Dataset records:

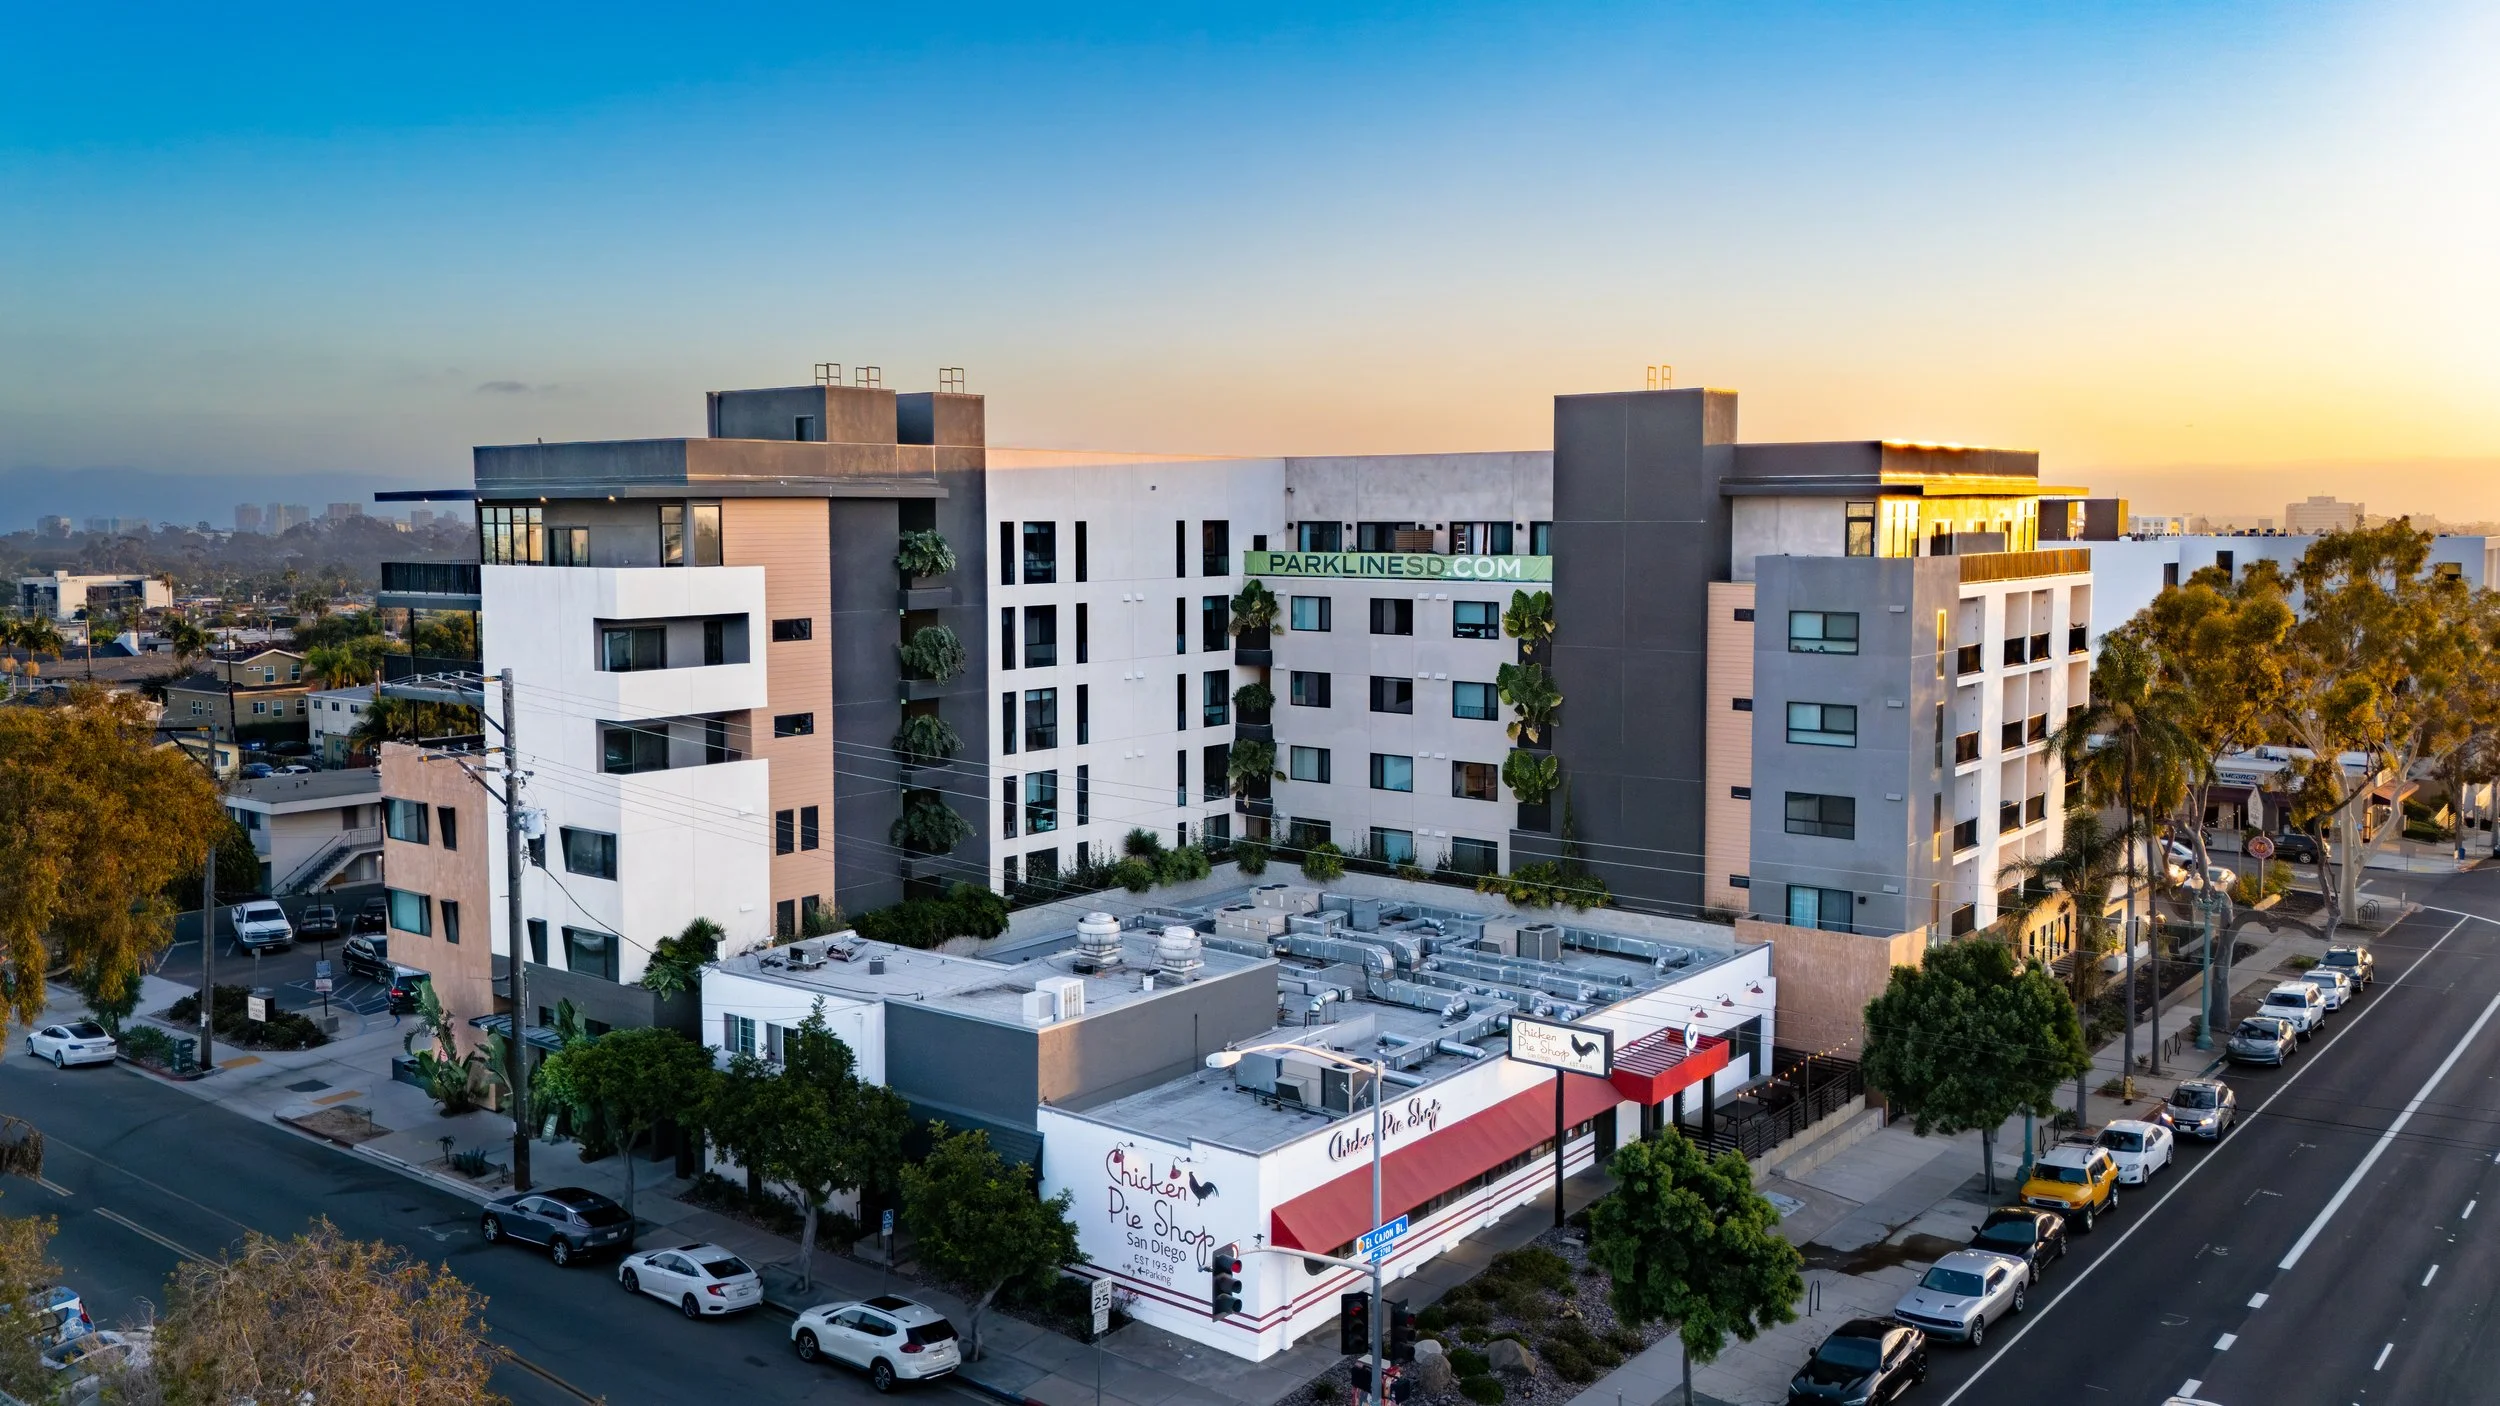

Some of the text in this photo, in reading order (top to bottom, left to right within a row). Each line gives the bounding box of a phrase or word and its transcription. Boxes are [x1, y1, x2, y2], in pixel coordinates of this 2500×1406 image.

[1269, 554, 1521, 578] PARKLINESD.COM
[1517, 1021, 1557, 1041] Chicken
[1518, 1035, 1570, 1062] Pie Shop
[1382, 1109, 1404, 1140] Pie
[1408, 1097, 1442, 1132] Shop
[1106, 1149, 1187, 1201] Chicken
[1108, 1185, 1216, 1268] Pie Shop
[1126, 1231, 1187, 1264] San Diego
[1365, 1237, 1373, 1250] EL
[1374, 1227, 1394, 1245] CAJON
[1134, 1254, 1175, 1275] EST 1938
[1094, 1280, 1110, 1290] SPEED
[1145, 1270, 1172, 1287] Parking
[1094, 1293, 1110, 1310] 25
[1095, 1287, 1108, 1296] LIMIT
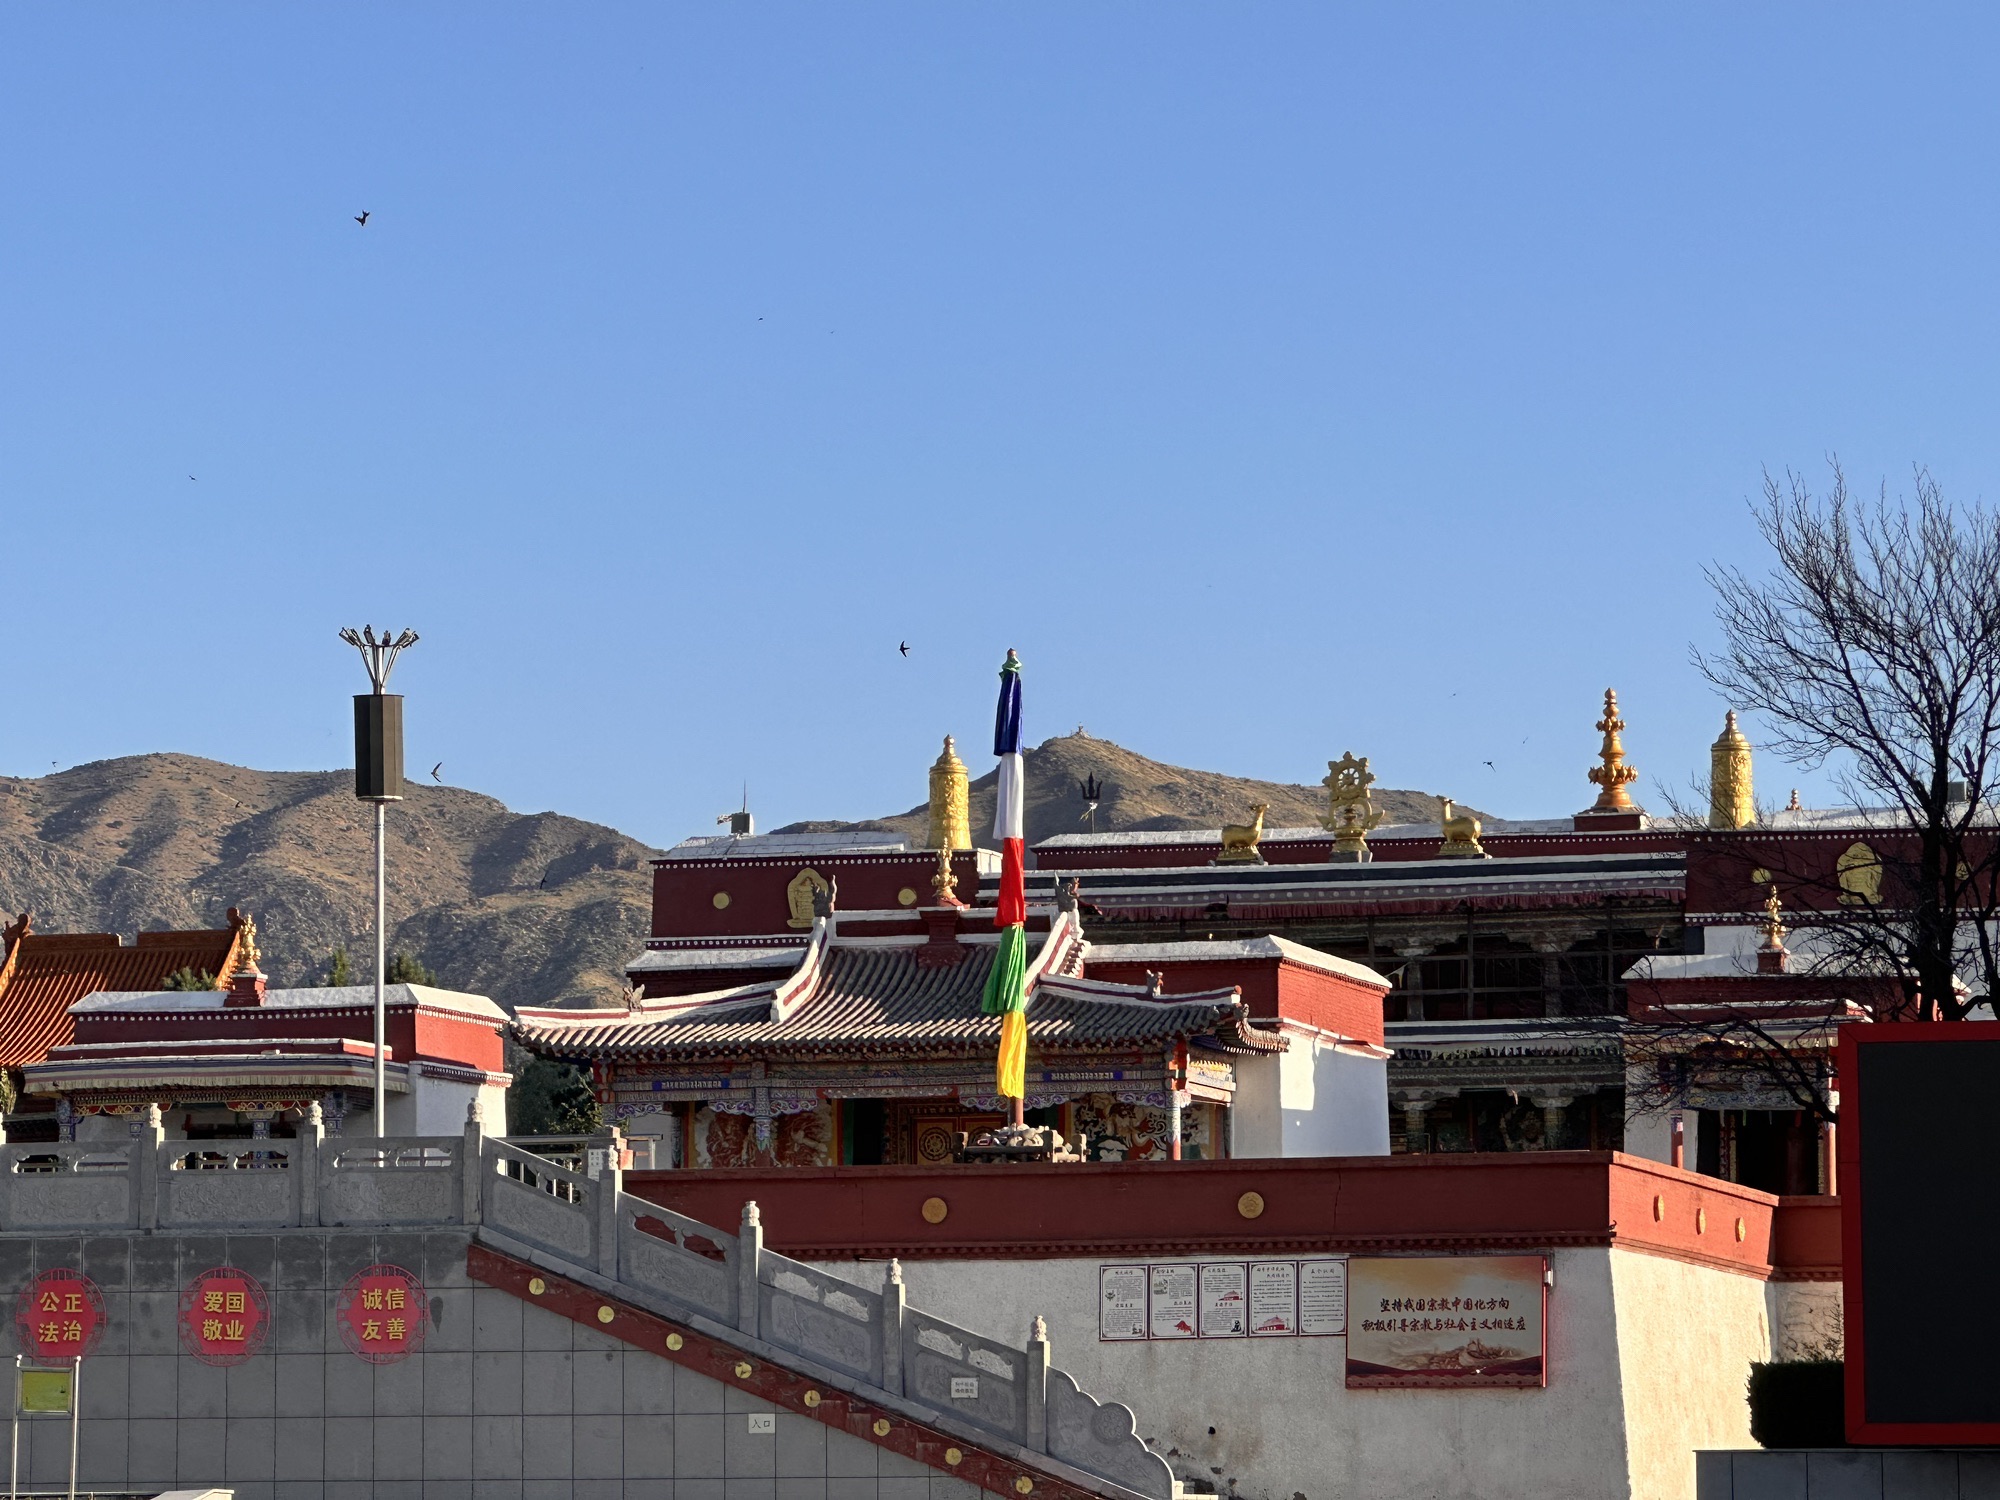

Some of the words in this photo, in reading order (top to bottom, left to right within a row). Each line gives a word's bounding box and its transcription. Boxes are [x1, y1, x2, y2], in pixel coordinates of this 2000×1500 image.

◆ **YOUR ASSIGNMENT**
Starting with the top line, write out all the data above exactly; keep the pictures out.

◆ **PROBLEM SOLUTION**
Some of the text in this photo, in reading order (top to bottom, left to right within a row). Each line gives the bounding box of a phrase or word and its transcription. Boxes are [x1, y1, x2, y2], in pixel coordinates of this 2500×1406 image.

[1269, 554, 1521, 578] PARKLINESD.COM
[1517, 1021, 1557, 1041] Chicken
[1518, 1035, 1570, 1062] Pie Shop
[1382, 1109, 1404, 1140] Pie
[1408, 1097, 1442, 1132] Shop
[1106, 1149, 1187, 1201] Chicken
[1108, 1185, 1216, 1268] Pie Shop
[1126, 1231, 1187, 1264] San Diego
[1365, 1237, 1373, 1250] EL
[1374, 1227, 1394, 1245] CAJON
[1134, 1254, 1175, 1275] EST 1938
[1094, 1280, 1110, 1290] SPEED
[1145, 1270, 1172, 1287] Parking
[1094, 1293, 1110, 1310] 25
[1095, 1287, 1108, 1296] LIMIT

Some of the words in this photo, in reading order (top to bottom, left to right within a row). Each line gives a word's bounding box and its transcription. Boxes are [x1, y1, x2, y2], in pixel coordinates of this 2000×1500 image.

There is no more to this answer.